January 10, 2012 - 2:15 am
Institutional and private investors contributed to a record year for Las Vegas home sales in 2011, but prices are being held down by cautious appraisers and the high number of foreclosure sales, real estate brokers and analysts said Monday.
A total of 48,186 single-family homes and condos were sold in Las Vegas last year, topping the previous record of 46,879 set in 2009, the Greater Las Vegas Association of Realtors reported Monday.
Roughly half of all sales were cash-only transactions, while 46.8 percent were real estate-owned, or bank-owned properties returning to the market after foreclosure. Another 26.6 percent were short sales, or lender-approved sales for less than the principal mortgage balance.

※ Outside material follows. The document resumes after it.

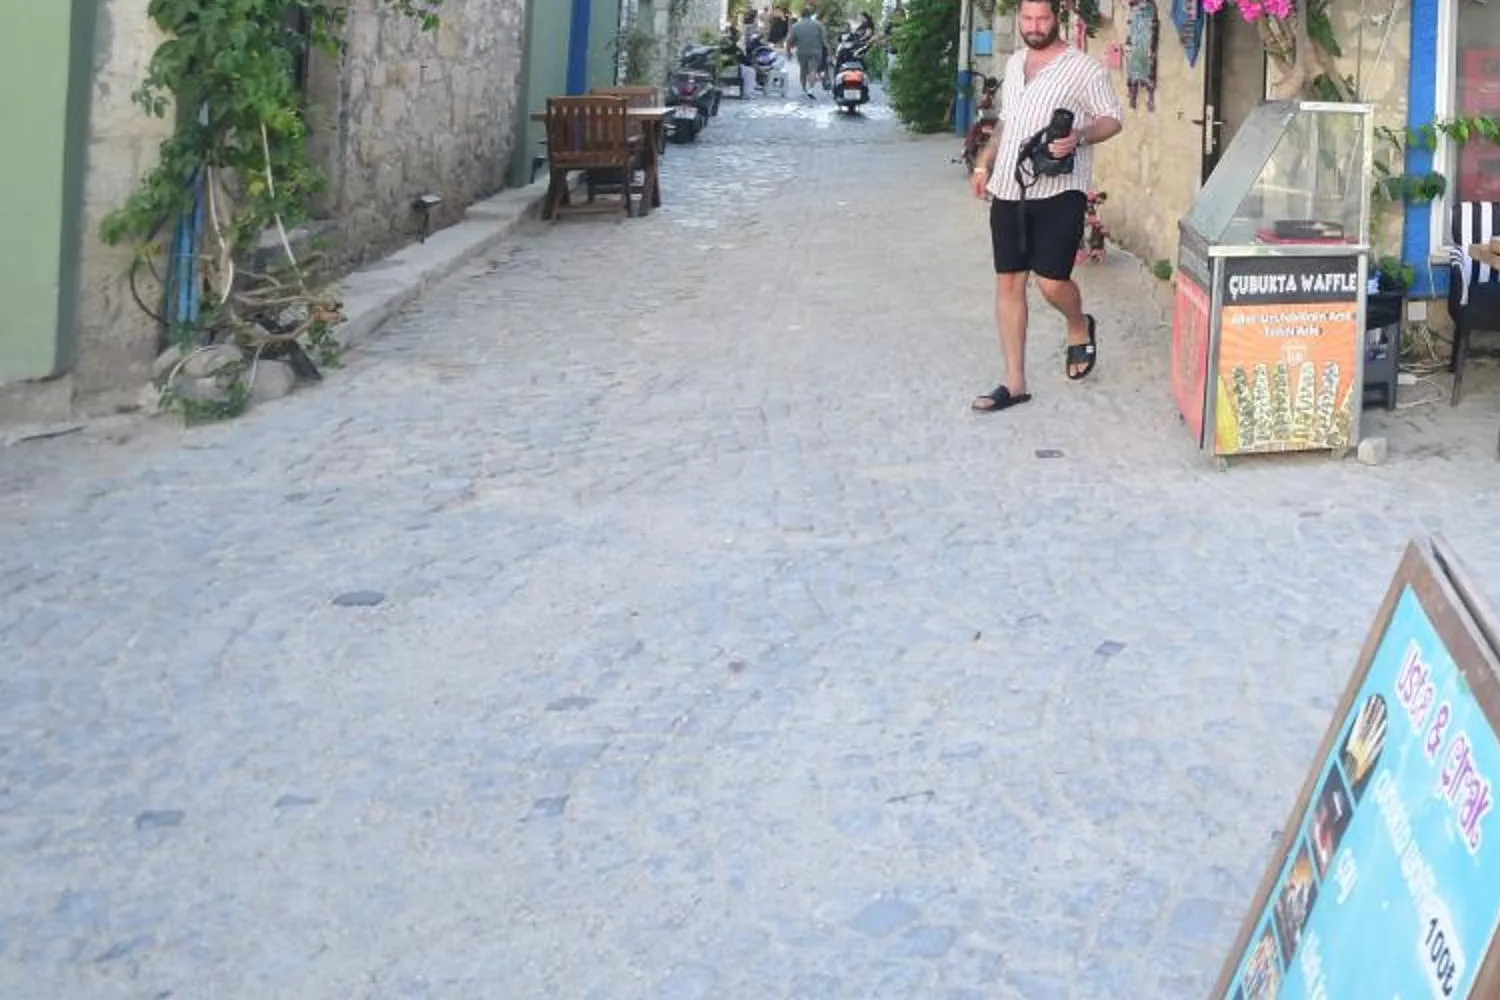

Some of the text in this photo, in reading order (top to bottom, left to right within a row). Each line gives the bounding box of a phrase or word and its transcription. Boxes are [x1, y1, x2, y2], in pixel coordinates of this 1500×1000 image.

[1229, 273, 1358, 300] ÇUBUKTA WAFFLE
[1426, 702, 1450, 763] &

What was good news for Realtors selling existing homes was bad news for builders and developers last year, as new-home sales plummeted from nearly 39,000 in 2006 to fewer than 4,000 in 2011, the lowest level since Home Builders Research began tracking the market in 1988.
And there was a grim statistic for anyone selling a home: The median price of a single-family home declined to $120,000 in December, down 9.1 percent from the same month a year ago.
Kevin Kelly of Platinum Land Kings real estate brokerage said prices continue to fall as appraisers peg values to what he called a "false floor," the lowest comparable sale in a neighborhood, almost always a foreclosure or short sale.
A buyer may be willing to pay more for a home, Kelly said, but banks won’t loan more than the appraiser’s take. That keeps home prices from rising, he said.
"It’s not supply and demand,” Kelly said. "Supply trickled out, and demand was there. Loans are dictated by short sales, and that’s constantly pushing the market down.”
The sales data show that the backlog of homes, though formidable, is falling. The inventory of single-family homes on the Multiple Listing Service decreased 11.2 percent, to 19,230 in December. Of those, 8,831 are listed without a contingent or pending offer.
Rick Brenkus of Keller-Williams Realty said investors continue to snap up properties, but he is seeing people who were sitting on the sidelines now buying homes in Las Vegas. Financing that tightened up in the wake of the subprime mortgage meltdown has loosened up a bit, he said.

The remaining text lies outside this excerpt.